Lo Siento
In one of my very first Spanish classes in high school, we learned to say, “I’m sorry — Lo siento.” At the time, I thought that this was a very strange phrase to learn. Wouldn’t “Hello,” “Goodbye” or “Where are the bathrooms” be more useful?
Now, we get around, that is, we follow our very mobile children around and they get around. We have visited many countries and knowing how to say “I’m sorry” has come in handy.
You’ve heard the term “Ugly Americans.” Americans have what is perceived as an arrogant attitude in many countries. We treasure our individual rights so much that we sometimes forget the collective rights of others. We can be loud. We can be pushy. We demand. We insist. We order. We assert our right to “life, liberty, and the pursuit of happiness,” wherever we go. What we perceive as our “right” is sometimes perceived as our “rude” in other countries.
Our daughter spent three years in Namibia, Africa working for the Peace Corps. In her second year, we went to visit her. We had a grand time. We met all of her wonderful Namibian friends. Everyone offered us their best — their homes, their food, their help. The village celebrated our visit with a great feast.
The next morning, our daughter crawled into the house where we were staying. She had been violently ill all night. We drove her through the desert to the doctor. The doctor ordered tests which must be done immediately.
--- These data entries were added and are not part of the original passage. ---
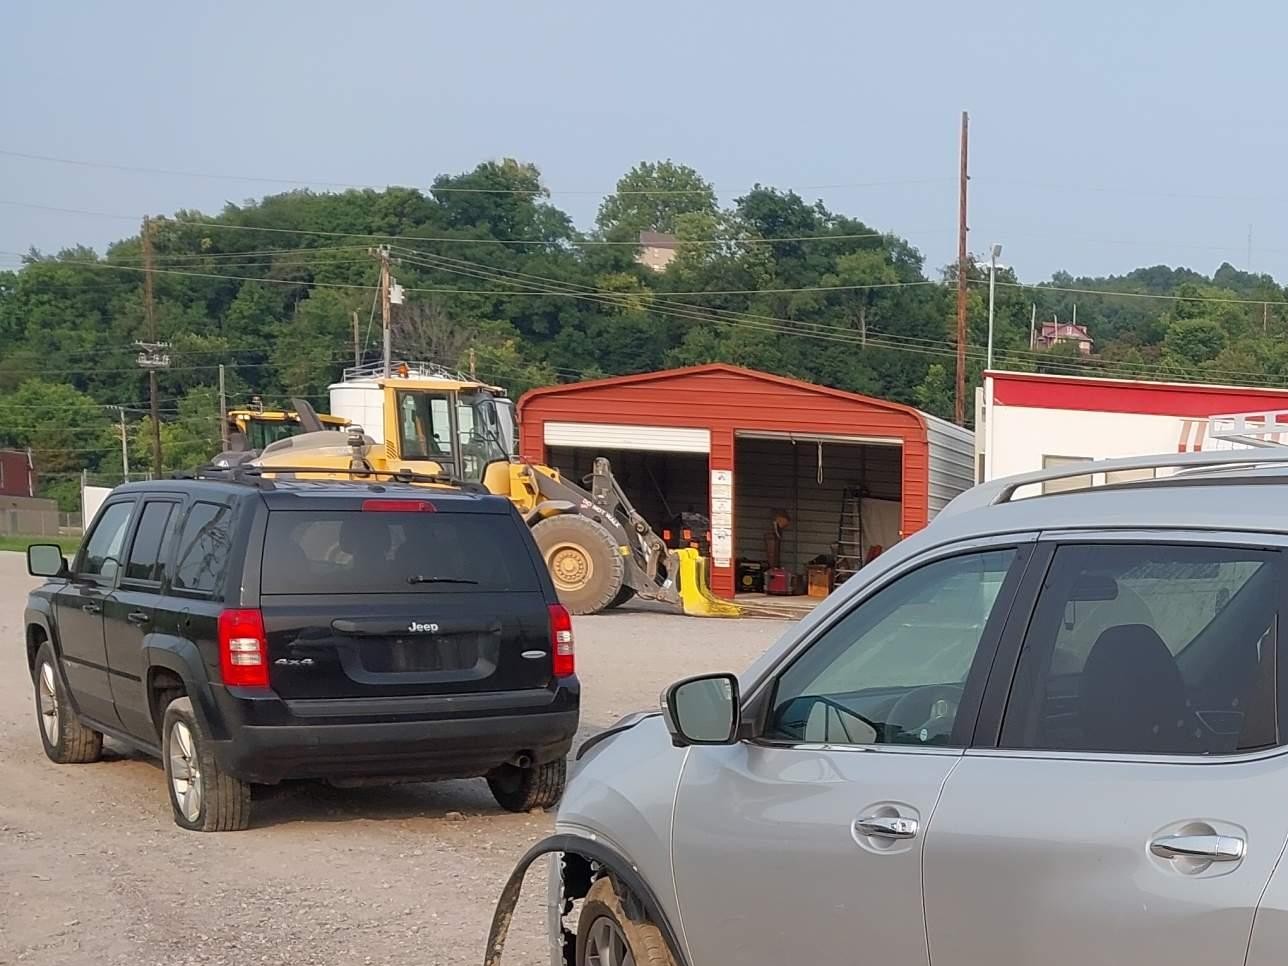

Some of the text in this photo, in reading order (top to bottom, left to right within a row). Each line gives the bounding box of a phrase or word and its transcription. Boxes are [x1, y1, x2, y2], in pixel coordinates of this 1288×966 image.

[592, 504, 606, 516] NOT
[605, 511, 621, 528] WALK
[408, 621, 439, 634] Jeep
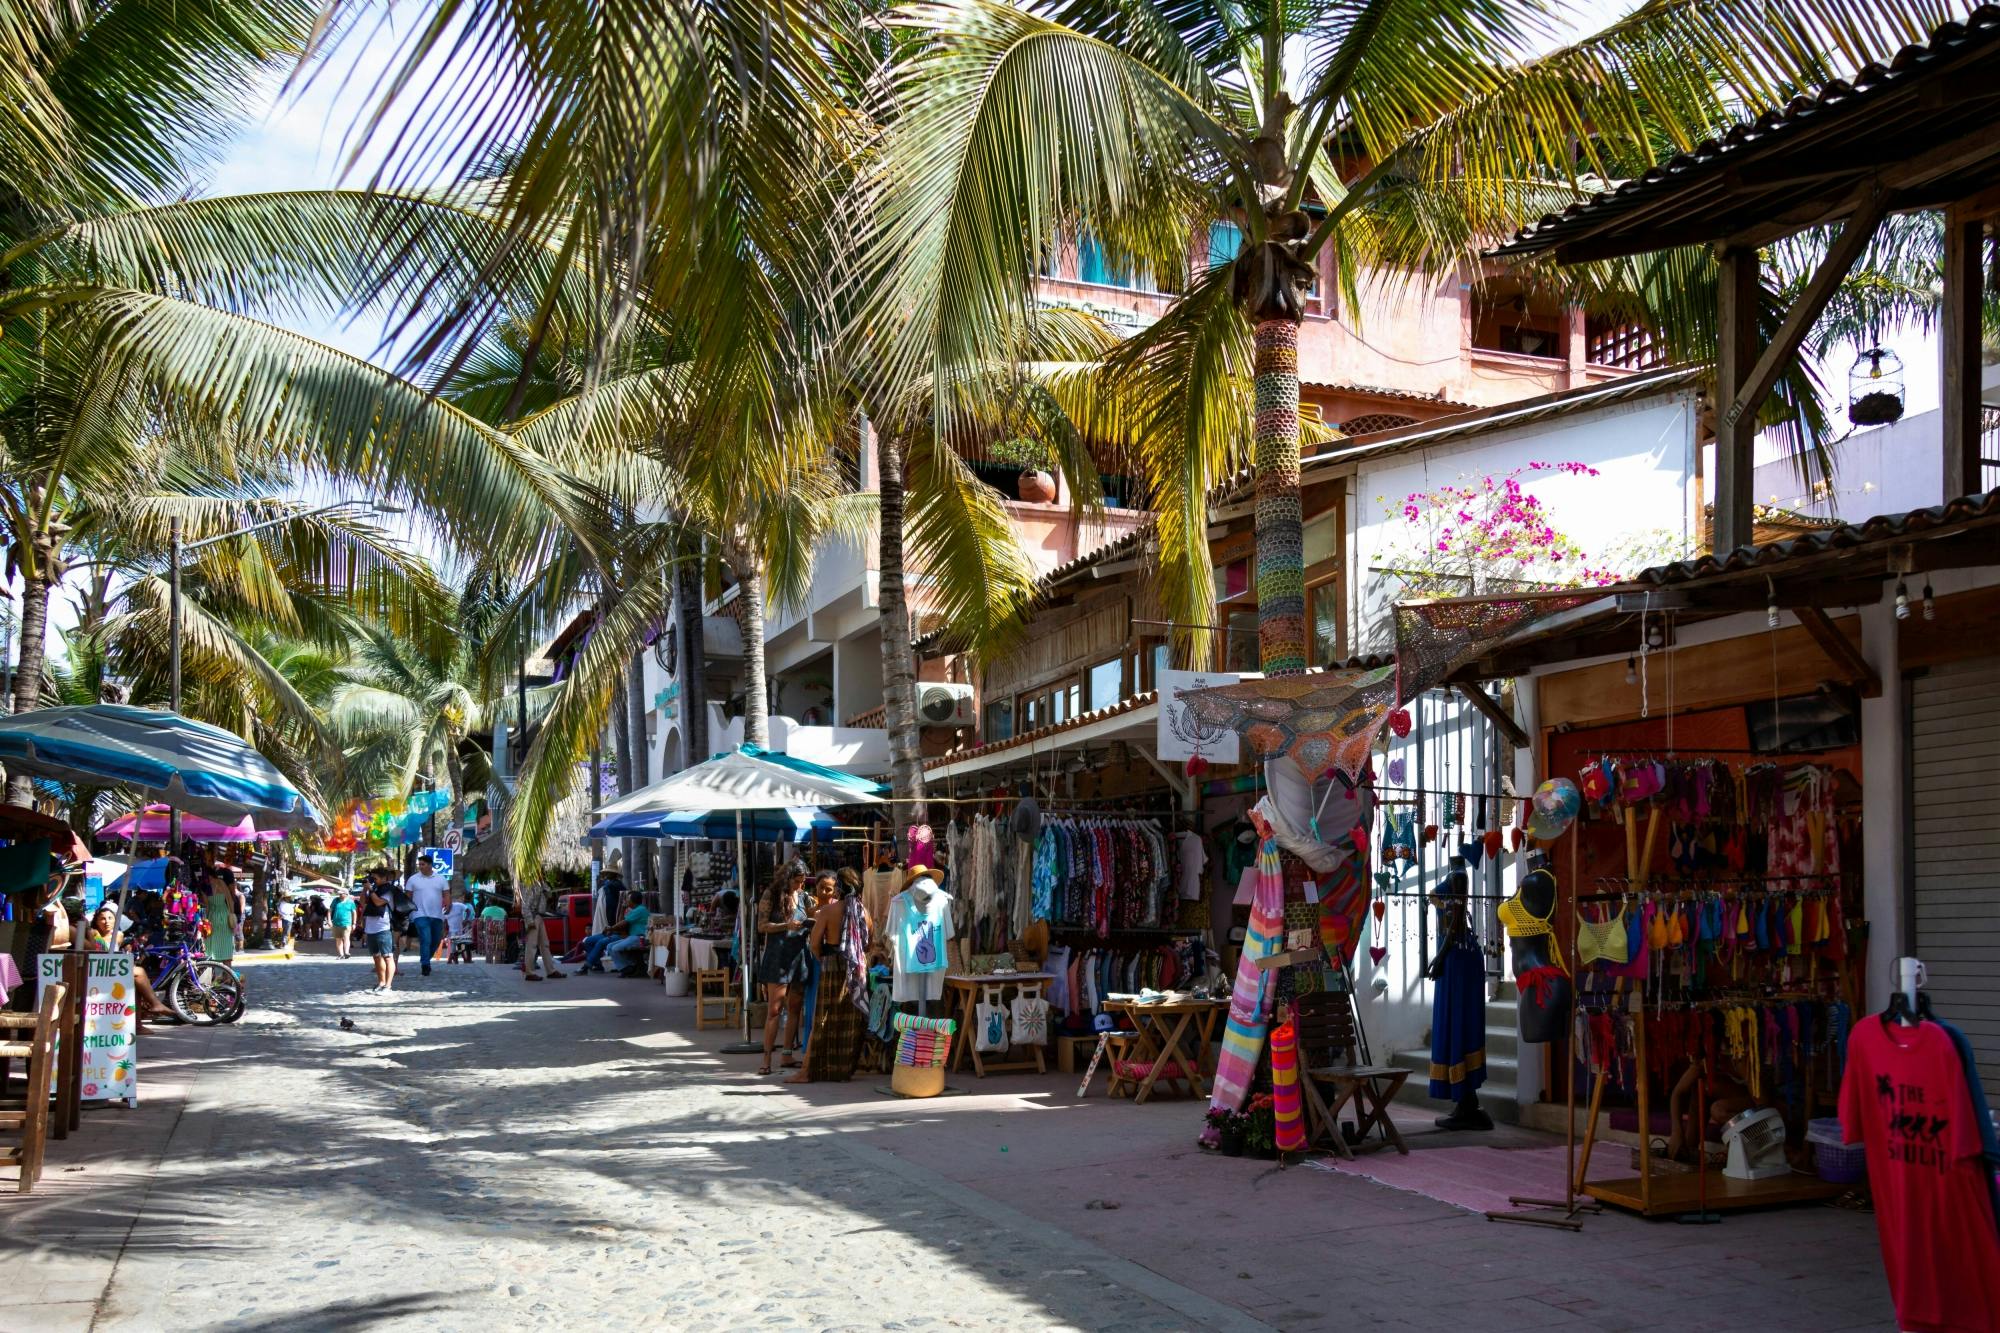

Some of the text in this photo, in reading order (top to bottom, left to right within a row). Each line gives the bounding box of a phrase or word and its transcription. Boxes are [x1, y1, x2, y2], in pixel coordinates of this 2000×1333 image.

[42, 958, 129, 977] SMTHIES
[87, 1003, 126, 1016] BERRY
[82, 1034, 124, 1048] RMELON
[1898, 1083, 1925, 1105] THE
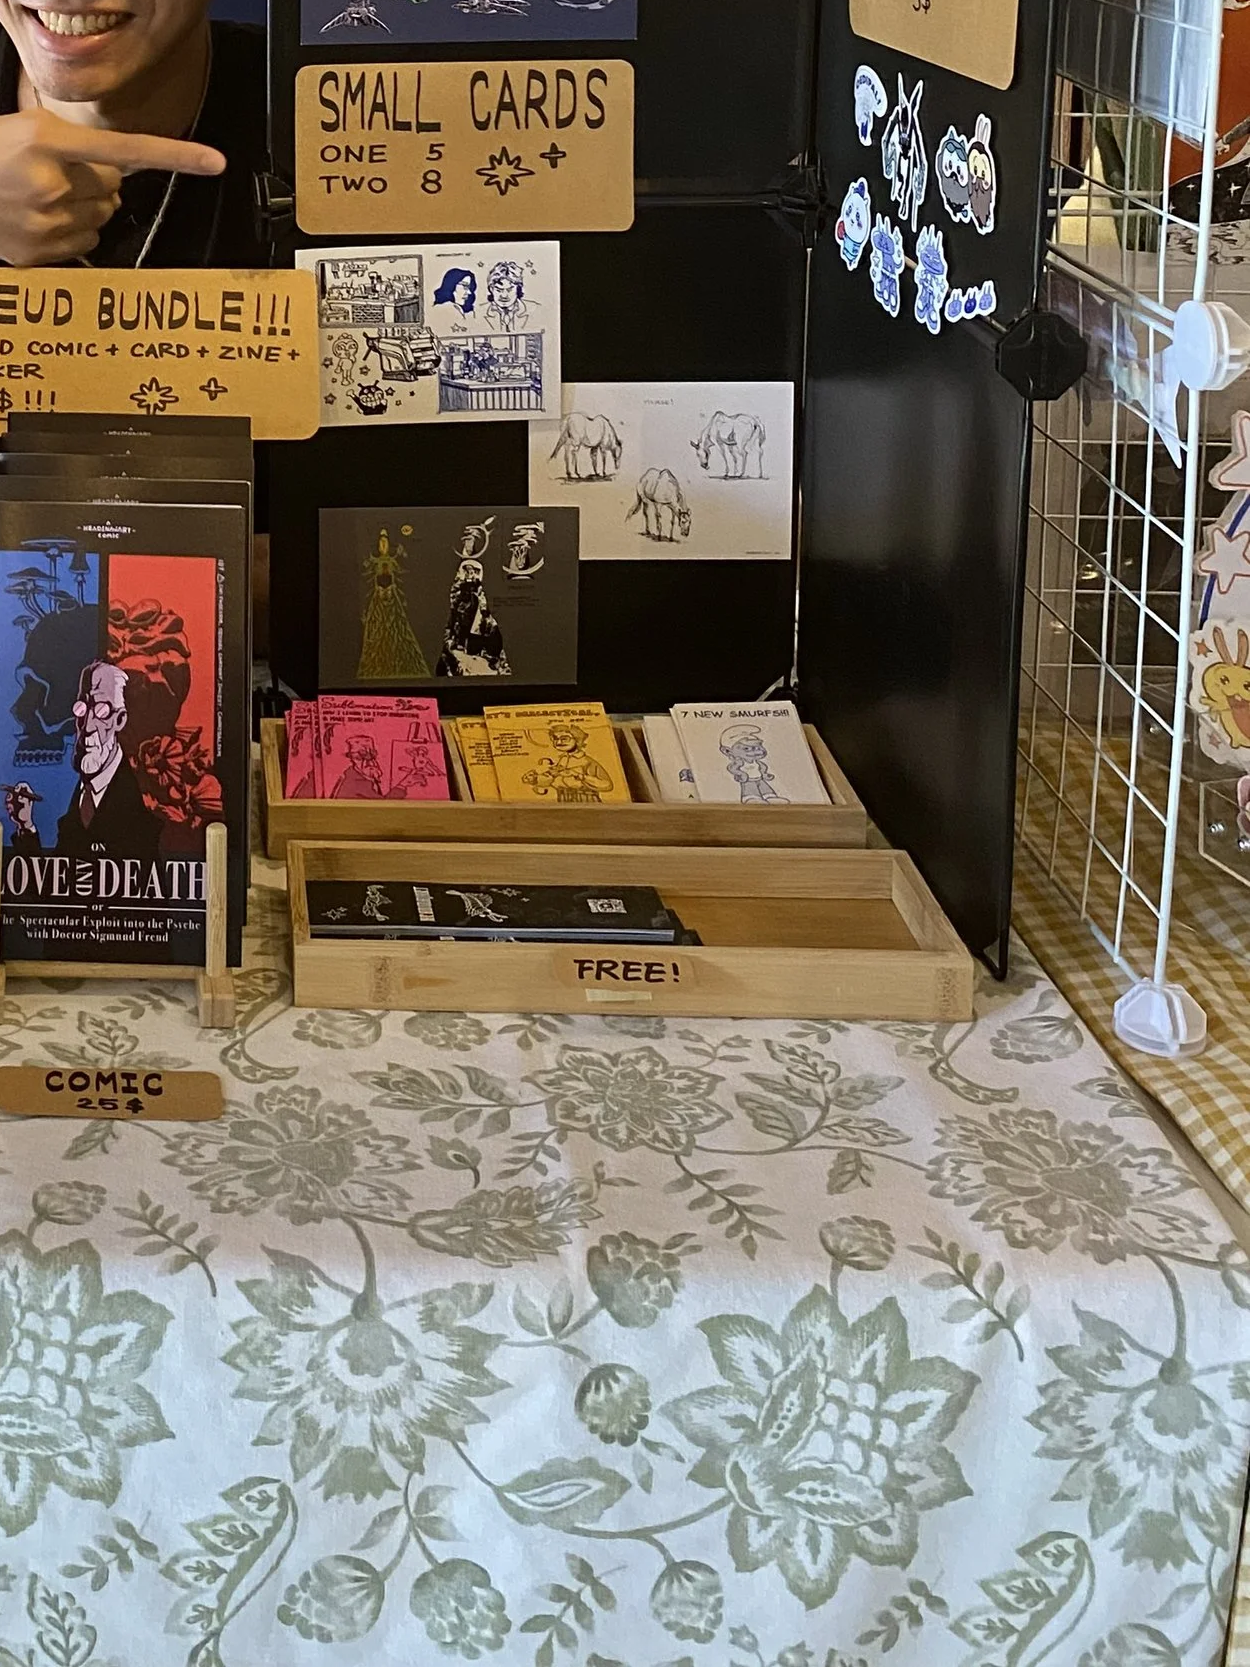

In Namibia, the doctor sends the patient to a clinic where samples are taken and then the patient takes the samples to a laboratory where they are analyzed. My husband and I were frantic by this time. Our daughter was very ill and we were in a strange country where we didn’t speak the language. We drove from the doctor’s office to the clinic to the lab in near panic.
When we pulled up to the lab, we saw a large crowd sitting on the lawn outside. A sign on the door said, “Open 2:00.” I looked at my watch and saw that it was 2:00, opened the door and walked right in. We left the samples and walked out the door. That’s when it hit me. We had just walked past dozens of patients politely waiting for the clinic to open. I looked at the crowd but didn’t know the words for “I’m sorry.” I apologized in English and got back in the truck. I’ve never felt more like the “Ugly American.”
“I’m sorry” are two words we don’t use enough. We often inadvertently offend others. Even in the good old U.S.A., we can be “ugly.” We butt in line. We ignore signs. We are rude to sales clerks. We are so caught up in our own agendas that we forget others’ needs. The patients on the lab’s lawn haunt me still. I see them whenever I want to assert my “rights.” In my mind, I have apologized to them hundreds of times. I wish I had had the right words when I needed them.
Wherever you travel, learn a few words in the local language. “Hello! Goodbye. Please. Thank you. Where are the bathrooms? I’m sorry.” Like the villagers in Namibia, offer your best.